A Native friend of mine, named Sandy White Hawk, was the central figure in a documentary called Blood Memory, (nothing to do with the book by Martha Graham). This film deals with the Native American scoop that I mentioned earlier. Adopting Native children right off the reservation, in hopes of providing white families with Indian babies, and providing Indian babies with better opportunities, which completely isolated them from their culture and people. The film also touches upon the abuse that occurred to these adopted children and also within Native residential schools. The title, Blood Memory, performs something completely different than Martha Graham’s book about modern dance. I think of the ways that blood was the thing that called Sandy back to her people. She was separated from them at a very young age and still, that pull, that desire to be reconnected with what she had lost, was so strong that it led her back. She found her way back. I also think about intergenerational trauma for Native people and the ways in which our blood holds memory for us. Of the genocide, torture, trauma and other awful things that happened to us but also about our strength as a people, our birthright and connection with our own tribal Nation.

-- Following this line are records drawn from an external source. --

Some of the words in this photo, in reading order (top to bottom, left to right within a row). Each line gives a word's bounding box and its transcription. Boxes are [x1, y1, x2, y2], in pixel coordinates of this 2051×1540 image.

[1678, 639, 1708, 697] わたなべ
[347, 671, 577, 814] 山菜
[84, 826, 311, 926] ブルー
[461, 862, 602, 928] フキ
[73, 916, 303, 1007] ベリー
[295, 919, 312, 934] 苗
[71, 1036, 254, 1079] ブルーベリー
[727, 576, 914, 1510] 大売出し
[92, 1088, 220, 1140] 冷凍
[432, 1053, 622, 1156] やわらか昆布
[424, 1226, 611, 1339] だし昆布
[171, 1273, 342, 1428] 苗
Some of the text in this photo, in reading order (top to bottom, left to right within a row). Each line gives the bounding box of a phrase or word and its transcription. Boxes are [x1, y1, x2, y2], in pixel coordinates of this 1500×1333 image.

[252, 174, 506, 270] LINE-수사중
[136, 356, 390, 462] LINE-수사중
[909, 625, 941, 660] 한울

One of those early dance teachers of mine, Alice Condodina, taught me about a choreographer named José Limón. Alice had been a principal dancer in José’s company and I still think of her as my mentor. I identified strongly with José Limón’s musicality, aesthetic, and the deep physicality of his technique. One day, instinctively, I asked her if José was Yaqui. She said that José had always identifiedas “mestizo”. Later, I ran across this quote from him concerning his ancestry; “It was not considered quite nice, in those times, in respectable provincial society, to be tainted with the blood of those wild tribes from the mountains or the deserts.” It would be decades later, when Limón would reconcile with his Yaqui heritage, by choreographing a dance piece called “The Unsung”. This piece celebrated Native tribes throughout the United States. Incidentally, I performed in a student version of “The Unsung” at San Jose State University, as part of a Limón dance residency, back in the early 90’s.

These days, I identify first as Yaqui (enrolled) and second as an interdisciplinary, Indigenous scholar, dancer and choreographer. Like Sandy, I happened to be one of those long-lost ancestors, and in the act of simply coming home, it turns out that my people wanted me. Dakota scholar Kim Tallbear has written “And my point is, maybe you do have some remote ancestor. So what? You don’t just get to decide you’re Cherokee if the community does not recognize you as such”. Gratefully, my community was waiting for me with open arms.

Martha Graham, Blood Memory: An Autobiography, New York: Doubleday, 1991.

Blood Memory film, https://www.bloodmemorydoc.com/
Limón, José, and Lynn Garafola. José Limón: An Unfinished Memoir. Hanover,

NH: University Press of New England, 1998. Print

Tuck, Eve. & Yang, Wayne K. “Decolonization Is Not A Metaphor” in Decolonization: Indigeneity, Education, Society. 1.1 (2012). 1-40. Electronic.